BEGIN Supplied information

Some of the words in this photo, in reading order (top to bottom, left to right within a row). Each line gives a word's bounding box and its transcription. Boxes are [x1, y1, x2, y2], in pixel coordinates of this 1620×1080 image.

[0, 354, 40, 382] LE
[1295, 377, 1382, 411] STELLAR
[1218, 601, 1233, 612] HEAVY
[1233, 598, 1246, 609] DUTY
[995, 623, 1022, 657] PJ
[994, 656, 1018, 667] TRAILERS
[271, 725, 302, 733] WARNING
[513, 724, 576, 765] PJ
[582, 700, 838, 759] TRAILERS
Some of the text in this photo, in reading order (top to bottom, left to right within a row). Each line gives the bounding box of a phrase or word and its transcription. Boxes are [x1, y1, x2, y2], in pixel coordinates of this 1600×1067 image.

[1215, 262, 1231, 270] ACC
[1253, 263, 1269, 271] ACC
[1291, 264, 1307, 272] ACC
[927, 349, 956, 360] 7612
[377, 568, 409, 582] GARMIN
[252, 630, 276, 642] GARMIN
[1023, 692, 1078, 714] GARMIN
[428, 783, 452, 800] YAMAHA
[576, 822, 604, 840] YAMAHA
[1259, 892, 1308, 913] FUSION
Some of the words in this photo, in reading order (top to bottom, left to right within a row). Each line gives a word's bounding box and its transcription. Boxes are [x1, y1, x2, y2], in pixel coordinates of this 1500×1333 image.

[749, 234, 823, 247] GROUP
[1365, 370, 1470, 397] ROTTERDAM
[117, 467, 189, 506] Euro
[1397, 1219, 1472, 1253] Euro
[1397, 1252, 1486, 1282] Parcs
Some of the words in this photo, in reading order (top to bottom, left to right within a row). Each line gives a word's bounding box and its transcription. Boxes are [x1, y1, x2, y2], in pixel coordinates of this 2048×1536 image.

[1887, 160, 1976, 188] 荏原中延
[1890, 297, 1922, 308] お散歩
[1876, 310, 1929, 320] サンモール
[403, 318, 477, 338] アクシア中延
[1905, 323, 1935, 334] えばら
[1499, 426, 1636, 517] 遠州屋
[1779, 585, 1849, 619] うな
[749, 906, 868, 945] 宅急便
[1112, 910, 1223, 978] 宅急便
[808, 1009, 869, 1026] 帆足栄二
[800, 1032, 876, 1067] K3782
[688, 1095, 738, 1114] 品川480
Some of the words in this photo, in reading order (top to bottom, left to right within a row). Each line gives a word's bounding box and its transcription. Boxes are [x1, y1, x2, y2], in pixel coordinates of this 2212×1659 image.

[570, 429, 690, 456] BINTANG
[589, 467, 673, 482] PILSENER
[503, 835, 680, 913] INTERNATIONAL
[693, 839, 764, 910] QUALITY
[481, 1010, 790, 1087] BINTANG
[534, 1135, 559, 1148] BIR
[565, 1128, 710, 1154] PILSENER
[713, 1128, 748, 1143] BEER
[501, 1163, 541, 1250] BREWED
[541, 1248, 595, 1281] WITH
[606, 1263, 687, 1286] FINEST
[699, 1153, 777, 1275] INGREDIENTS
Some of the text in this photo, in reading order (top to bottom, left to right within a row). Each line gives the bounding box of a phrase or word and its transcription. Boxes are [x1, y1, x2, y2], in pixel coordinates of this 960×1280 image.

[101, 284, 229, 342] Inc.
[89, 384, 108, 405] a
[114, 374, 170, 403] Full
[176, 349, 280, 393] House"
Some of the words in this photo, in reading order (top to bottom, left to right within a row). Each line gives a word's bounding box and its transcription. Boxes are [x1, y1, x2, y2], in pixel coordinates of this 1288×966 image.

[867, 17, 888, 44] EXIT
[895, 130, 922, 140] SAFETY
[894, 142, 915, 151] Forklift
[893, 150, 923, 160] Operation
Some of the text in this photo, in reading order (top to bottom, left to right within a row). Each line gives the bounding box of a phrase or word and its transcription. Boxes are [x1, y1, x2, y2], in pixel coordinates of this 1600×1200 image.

END Supplied information

The problem: Reproduce every line above, keeping each word exactly as it appears.

Exercise answer:
Some of the words in this photo, in reading order (top to bottom, left to right within a row). Each line gives a word's bounding box and its transcription. Boxes are [x1, y1, x2, y2], in pixel coordinates of this 1620×1080 image.

[0, 354, 40, 382] LE
[1295, 377, 1382, 411] STELLAR
[1218, 601, 1233, 612] HEAVY
[1233, 598, 1246, 609] DUTY
[995, 623, 1022, 657] PJ
[994, 656, 1018, 667] TRAILERS
[271, 725, 302, 733] WARNING
[513, 724, 576, 765] PJ
[582, 700, 838, 759] TRAILERS
Some of the text in this photo, in reading order (top to bottom, left to right within a row). Each line gives the bounding box of a phrase or word and its transcription. Boxes are [x1, y1, x2, y2], in pixel coordinates of this 1600×1067 image.

[1215, 262, 1231, 270] ACC
[1253, 263, 1269, 271] ACC
[1291, 264, 1307, 272] ACC
[927, 349, 956, 360] 7612
[377, 568, 409, 582] GARMIN
[252, 630, 276, 642] GARMIN
[1023, 692, 1078, 714] GARMIN
[428, 783, 452, 800] YAMAHA
[576, 822, 604, 840] YAMAHA
[1259, 892, 1308, 913] FUSION
Some of the words in this photo, in reading order (top to bottom, left to right within a row). Each line gives a word's bounding box and its transcription. Boxes are [x1, y1, x2, y2], in pixel coordinates of this 1500×1333 image.

[749, 234, 823, 247] GROUP
[1365, 370, 1470, 397] ROTTERDAM
[117, 467, 189, 506] Euro
[1397, 1219, 1472, 1253] Euro
[1397, 1252, 1486, 1282] Parcs
Some of the words in this photo, in reading order (top to bottom, left to right within a row). Each line gives a word's bounding box and its transcription. Boxes are [x1, y1, x2, y2], in pixel coordinates of this 2048×1536 image.

[1887, 160, 1976, 188] 荏原中延
[1890, 297, 1922, 308] お散歩
[1876, 310, 1929, 320] サンモール
[403, 318, 477, 338] アクシア中延
[1905, 323, 1935, 334] えばら
[1499, 426, 1636, 517] 遠州屋
[1779, 585, 1849, 619] うな
[749, 906, 868, 945] 宅急便
[1112, 910, 1223, 978] 宅急便
[808, 1009, 869, 1026] 帆足栄二
[800, 1032, 876, 1067] K3782
[688, 1095, 738, 1114] 品川480
Some of the words in this photo, in reading order (top to bottom, left to right within a row). Each line gives a word's bounding box and its transcription. Boxes are [x1, y1, x2, y2], in pixel coordinates of this 2212×1659 image.

[570, 429, 690, 456] BINTANG
[589, 467, 673, 482] PILSENER
[503, 835, 680, 913] INTERNATIONAL
[693, 839, 764, 910] QUALITY
[481, 1010, 790, 1087] BINTANG
[534, 1135, 559, 1148] BIR
[565, 1128, 710, 1154] PILSENER
[713, 1128, 748, 1143] BEER
[501, 1163, 541, 1250] BREWED
[541, 1248, 595, 1281] WITH
[606, 1263, 687, 1286] FINEST
[699, 1153, 777, 1275] INGREDIENTS
Some of the text in this photo, in reading order (top to bottom, left to right within a row). Each line gives the bounding box of a phrase or word and its transcription. Boxes are [x1, y1, x2, y2], in pixel coordinates of this 960×1280 image.

[101, 284, 229, 342] Inc.
[89, 384, 108, 405] a
[114, 374, 170, 403] Full
[176, 349, 280, 393] House"
Some of the words in this photo, in reading order (top to bottom, left to right within a row). Each line gives a word's bounding box and its transcription. Boxes are [x1, y1, x2, y2], in pixel coordinates of this 1288×966 image.

[867, 17, 888, 44] EXIT
[895, 130, 922, 140] SAFETY
[894, 142, 915, 151] Forklift
[893, 150, 923, 160] Operation
Some of the text in this photo, in reading order (top to bottom, left to right within a row). Each line gives the bounding box of a phrase or word and its transcription. Boxes are [x1, y1, x2, y2], in pixel coordinates of this 1600×1200 image.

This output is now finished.